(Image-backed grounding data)
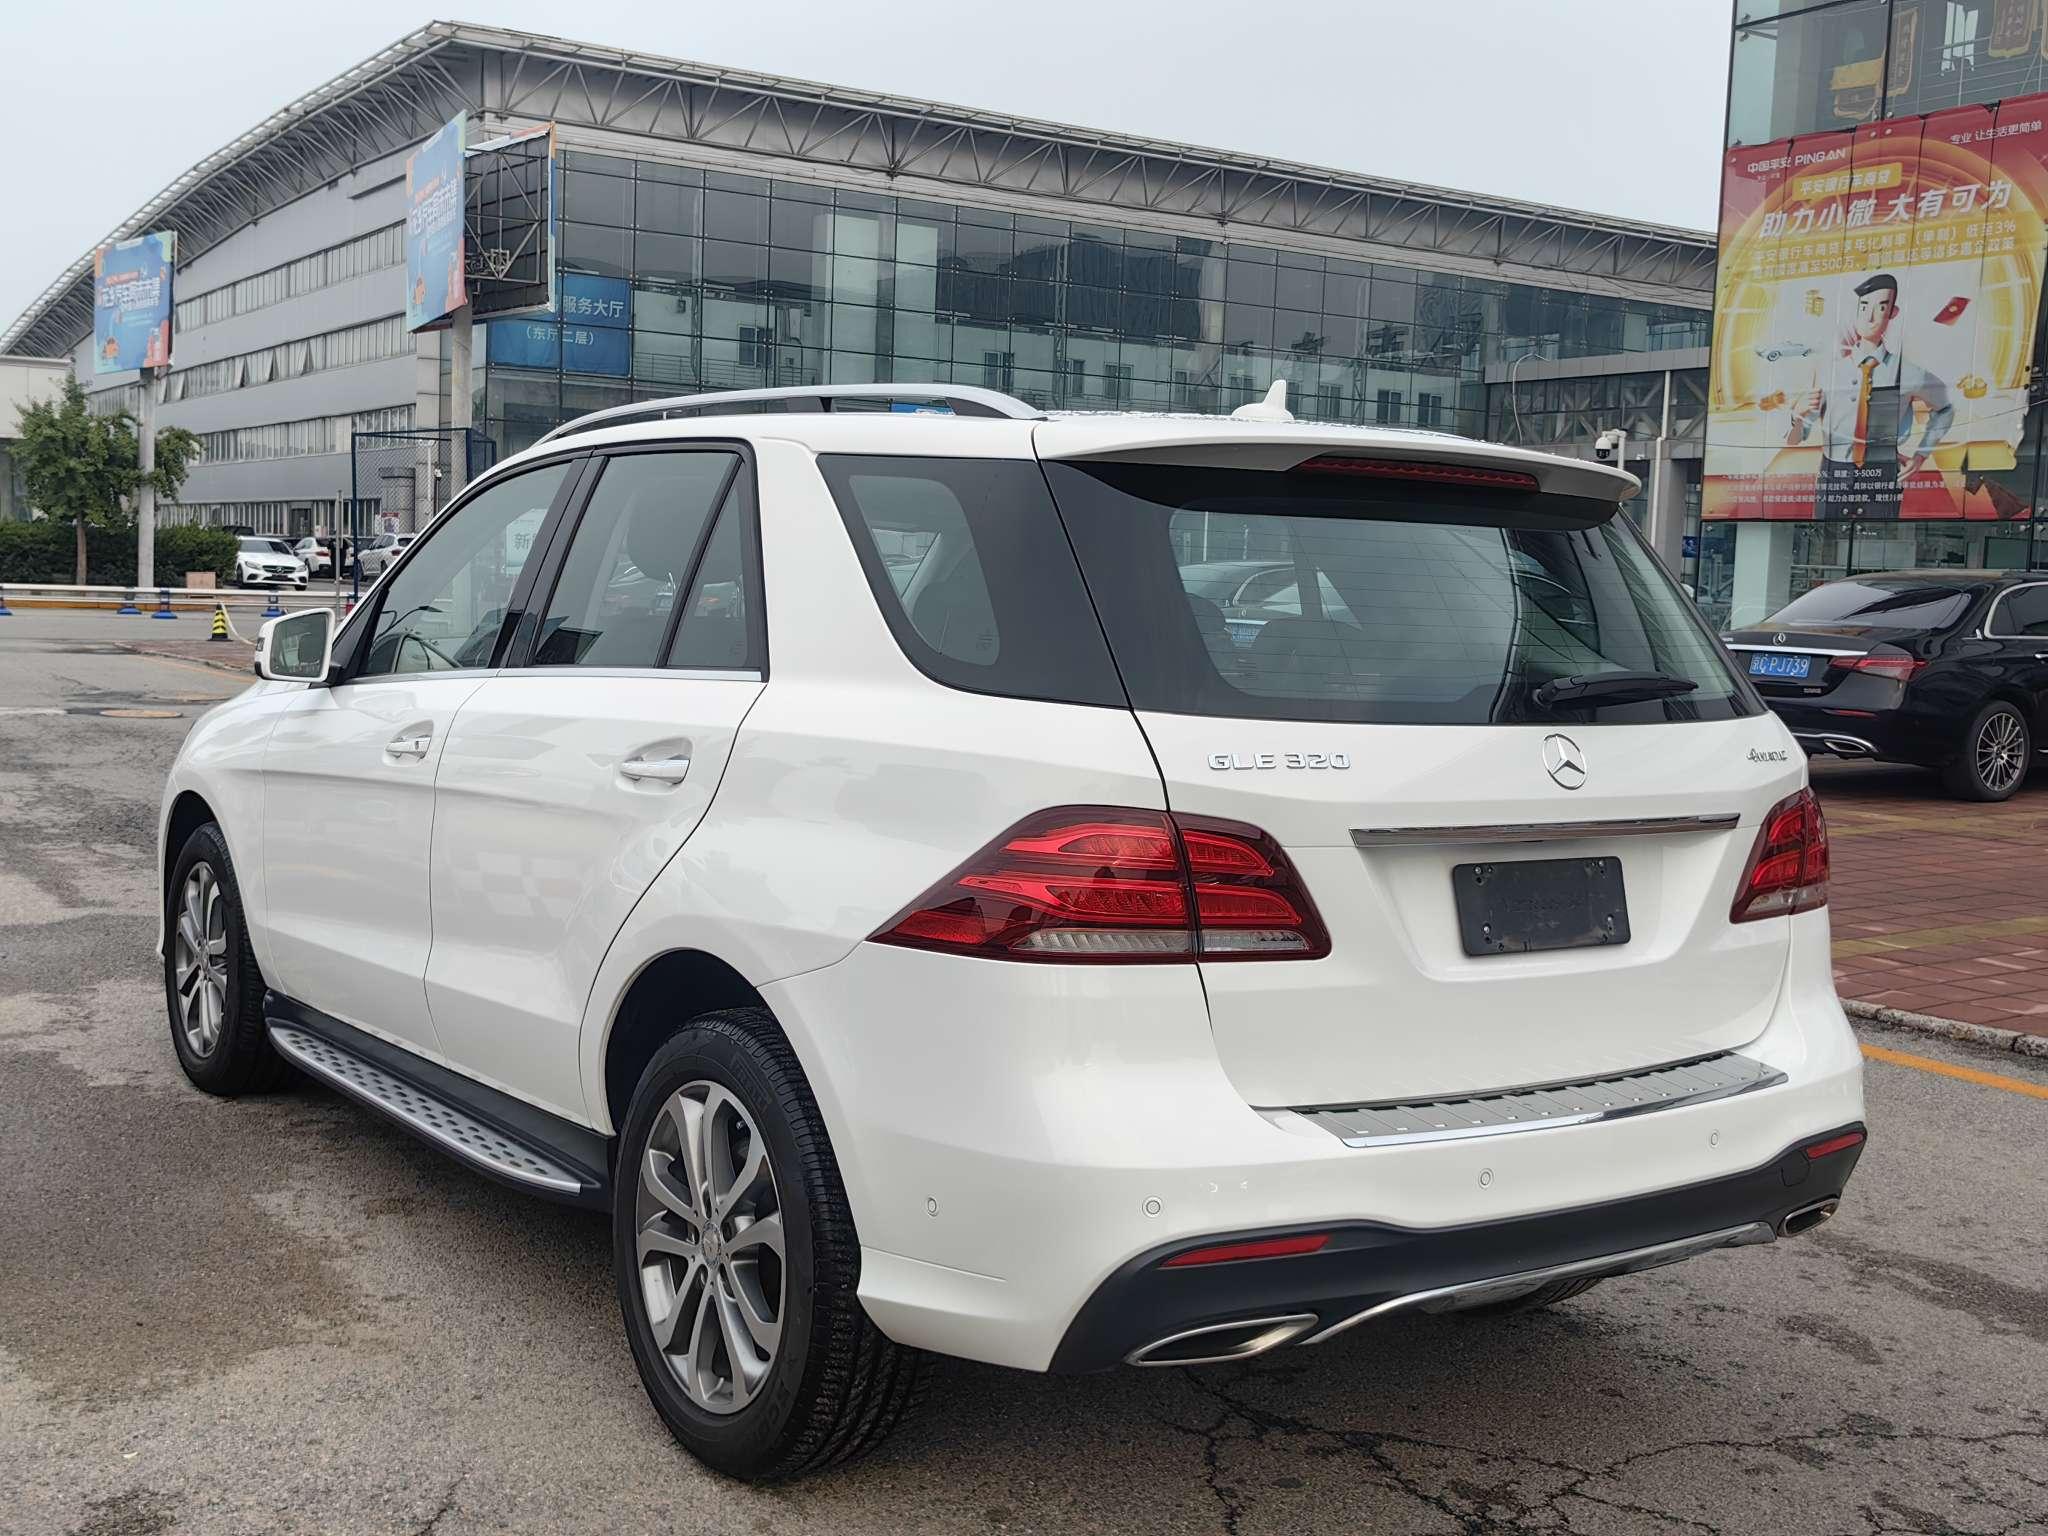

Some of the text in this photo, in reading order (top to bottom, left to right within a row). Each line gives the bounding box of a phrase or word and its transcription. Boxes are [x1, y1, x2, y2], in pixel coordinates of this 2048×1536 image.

[1747, 148, 1847, 174] 中国平安 PINGAN
[1759, 180, 2013, 239] 助力小微 大有可为
[556, 295, 625, 318] 服务大厅
[1207, 751, 1351, 770] GLE 320

## Task goal
All entries above must be printed again verbatim, with images excluded.

## Written solution
Some of the text in this photo, in reading order (top to bottom, left to right within a row). Each line gives the bounding box of a phrase or word and its transcription. Boxes are [x1, y1, x2, y2], in pixel coordinates of this 2048×1536 image.

[1747, 148, 1847, 174] 中国平安 PINGAN
[1759, 180, 2013, 239] 助力小微 大有可为
[556, 295, 625, 318] 服务大厅
[1207, 751, 1351, 770] GLE 320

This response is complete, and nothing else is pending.